= Work instruction =
Print what the records say exactly, and omit the pictures.

^^^^

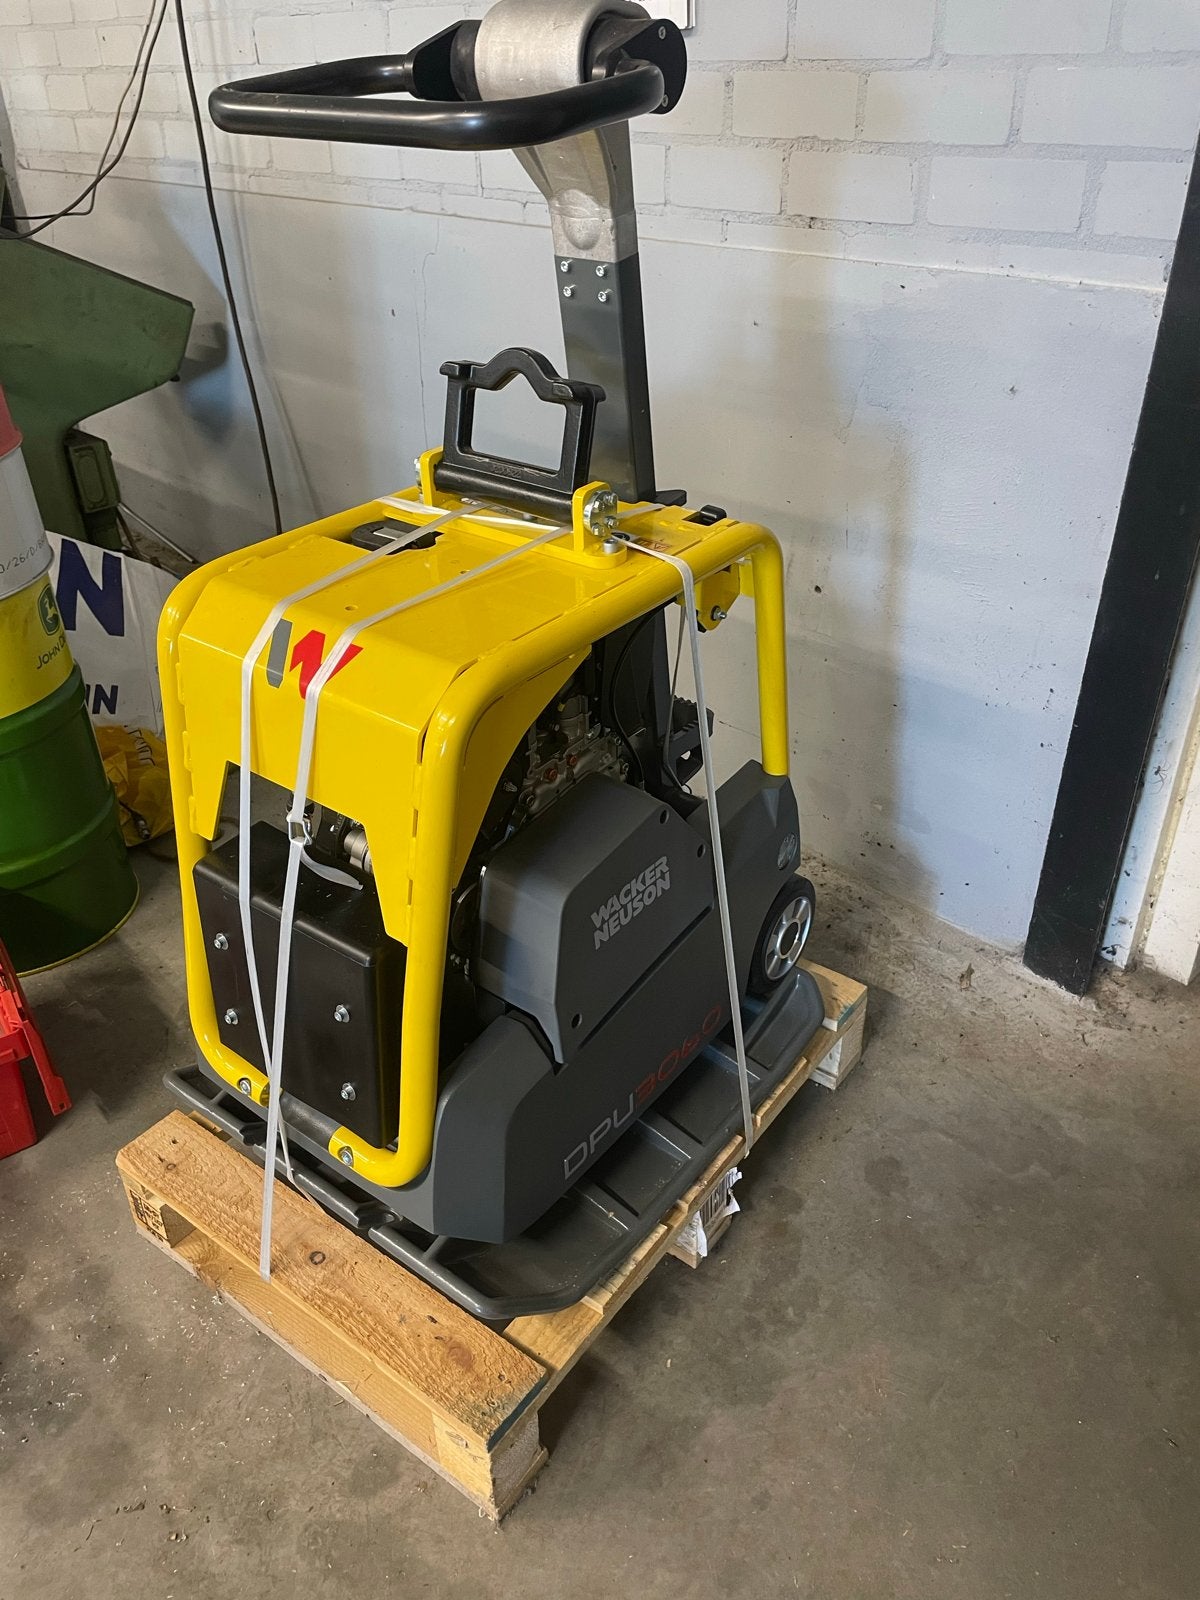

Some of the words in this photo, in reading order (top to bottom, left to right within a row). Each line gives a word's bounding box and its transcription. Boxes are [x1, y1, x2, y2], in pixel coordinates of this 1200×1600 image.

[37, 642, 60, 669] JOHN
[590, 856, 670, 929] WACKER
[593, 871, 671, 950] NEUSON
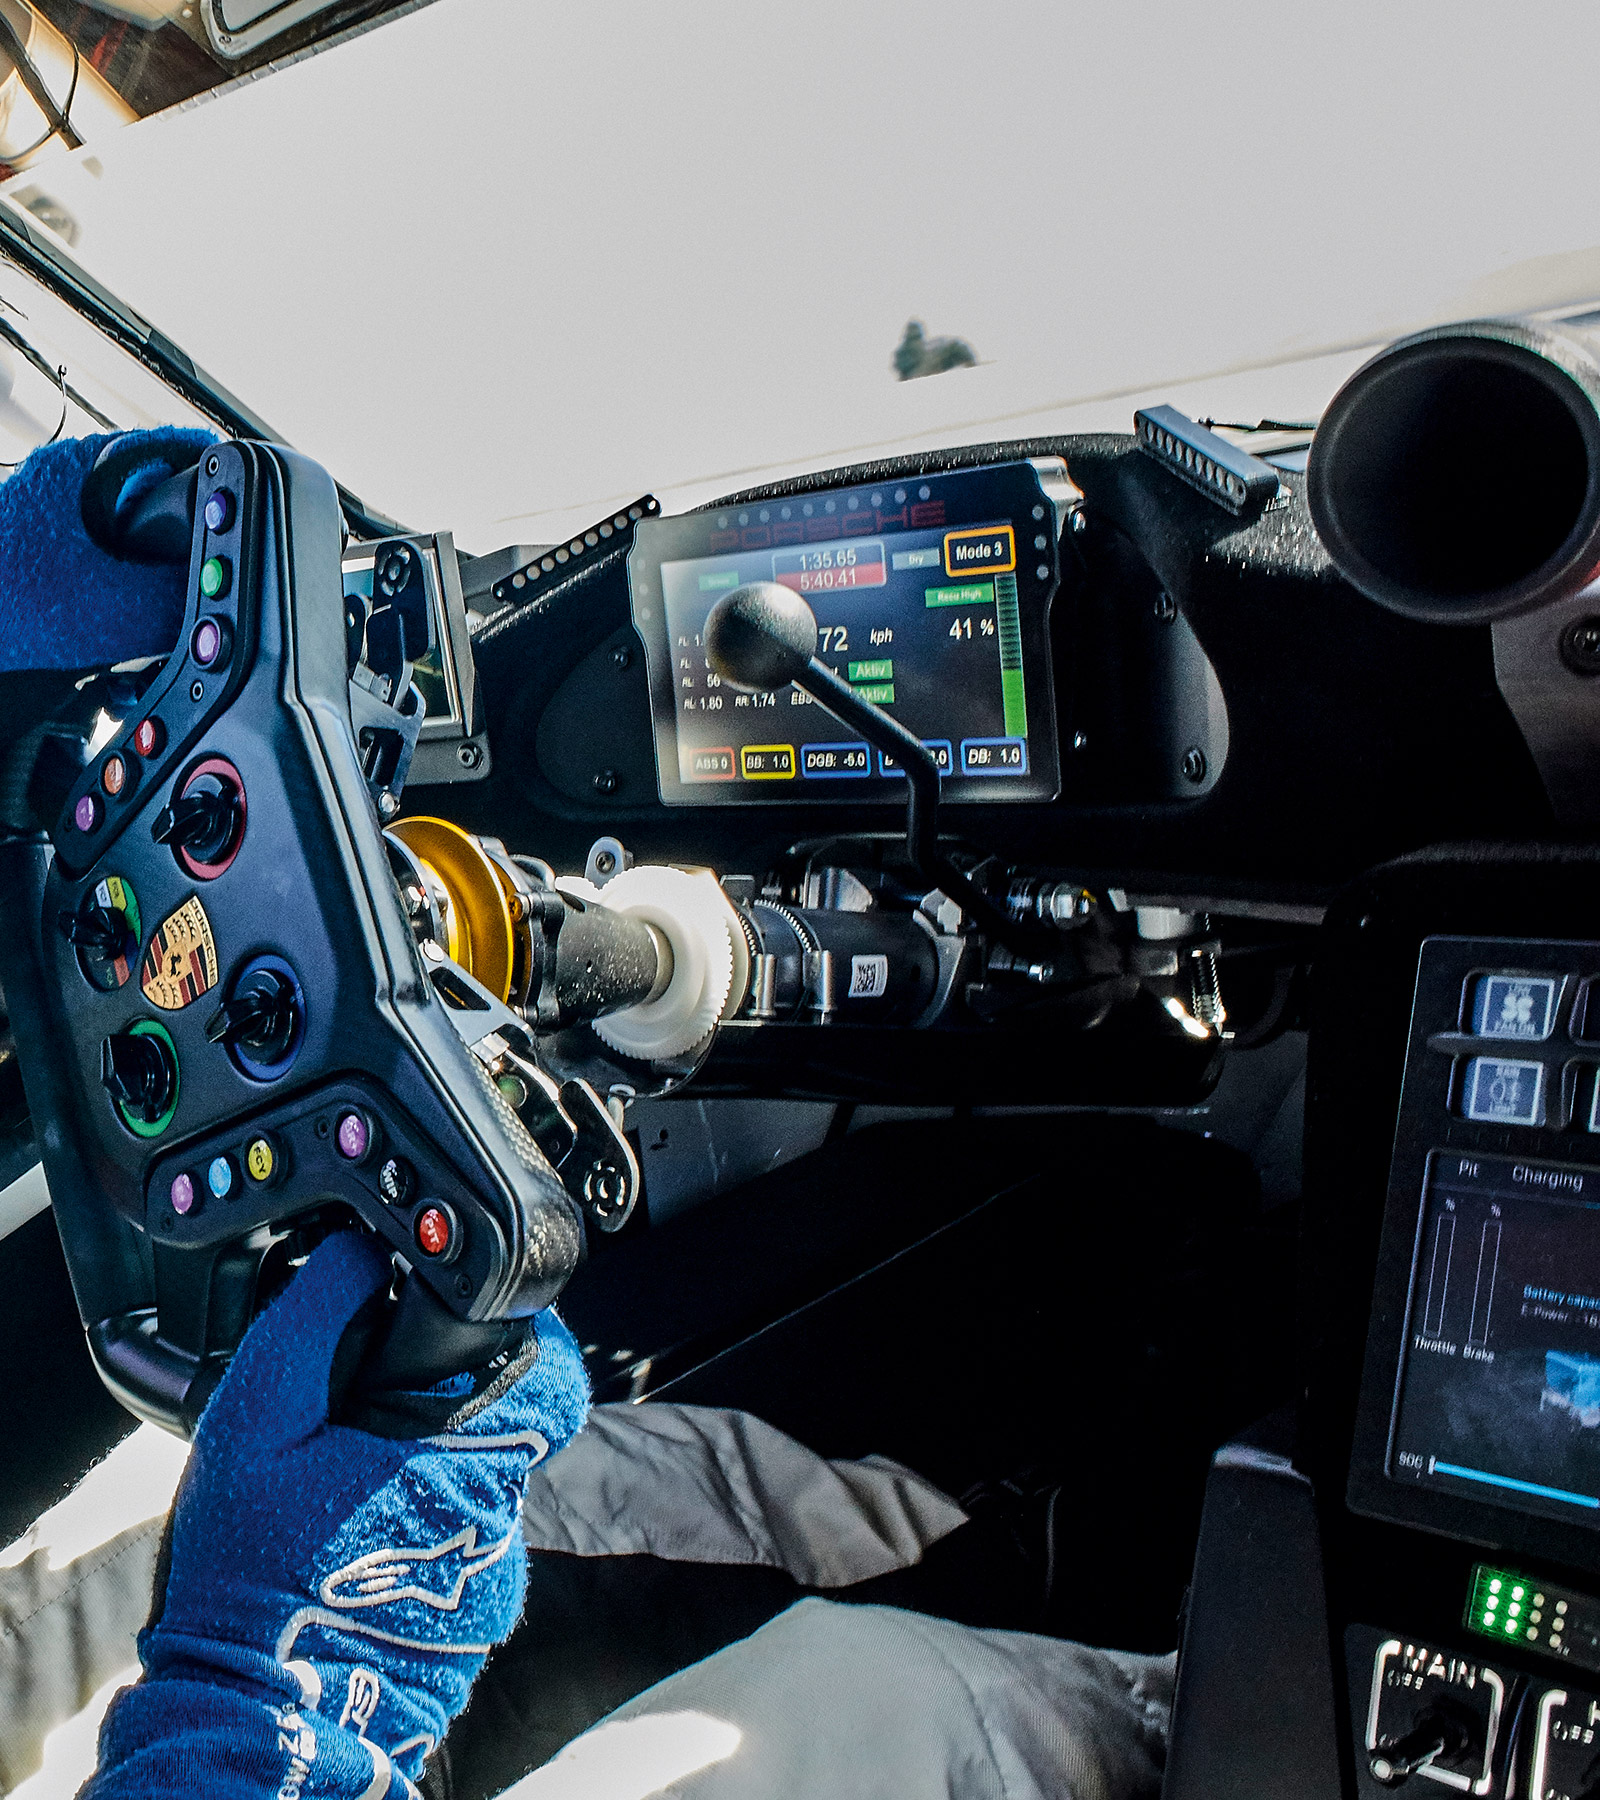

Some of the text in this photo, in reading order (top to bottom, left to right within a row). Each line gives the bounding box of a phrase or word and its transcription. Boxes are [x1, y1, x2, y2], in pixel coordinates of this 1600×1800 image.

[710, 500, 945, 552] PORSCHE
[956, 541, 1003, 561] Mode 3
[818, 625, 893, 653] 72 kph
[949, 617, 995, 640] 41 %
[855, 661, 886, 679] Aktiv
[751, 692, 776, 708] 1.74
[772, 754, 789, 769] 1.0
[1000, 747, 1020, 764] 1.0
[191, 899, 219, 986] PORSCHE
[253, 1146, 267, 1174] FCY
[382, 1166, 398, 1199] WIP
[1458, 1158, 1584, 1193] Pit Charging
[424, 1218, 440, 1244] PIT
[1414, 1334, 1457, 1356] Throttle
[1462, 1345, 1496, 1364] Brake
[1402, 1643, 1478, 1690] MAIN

^^^^

= Response for this exercise =
Some of the words in this photo, in reading order (top to bottom, left to right within a row). Each line gives a word's bounding box and its transcription. Boxes are [x1, y1, x2, y2], in pixel coordinates of this 1200×1600 image.

[37, 642, 60, 669] JOHN
[590, 856, 670, 929] WACKER
[593, 871, 671, 950] NEUSON

Some of the text in this photo, in reading order (top to bottom, left to right within a row). Each line gives the bounding box of a phrase or word and its transcription. Boxes are [x1, y1, x2, y2], in pixel coordinates of this 1600×1800 image.

[710, 500, 945, 552] PORSCHE
[956, 541, 1003, 561] Mode 3
[818, 625, 893, 653] 72 kph
[949, 617, 995, 640] 41 %
[855, 661, 886, 679] Aktiv
[751, 692, 776, 708] 1.74
[772, 754, 789, 769] 1.0
[1000, 747, 1020, 764] 1.0
[191, 899, 219, 986] PORSCHE
[253, 1146, 267, 1174] FCY
[382, 1166, 398, 1199] WIP
[1458, 1158, 1584, 1193] Pit Charging
[424, 1218, 440, 1244] PIT
[1414, 1334, 1457, 1356] Throttle
[1462, 1345, 1496, 1364] Brake
[1402, 1643, 1478, 1690] MAIN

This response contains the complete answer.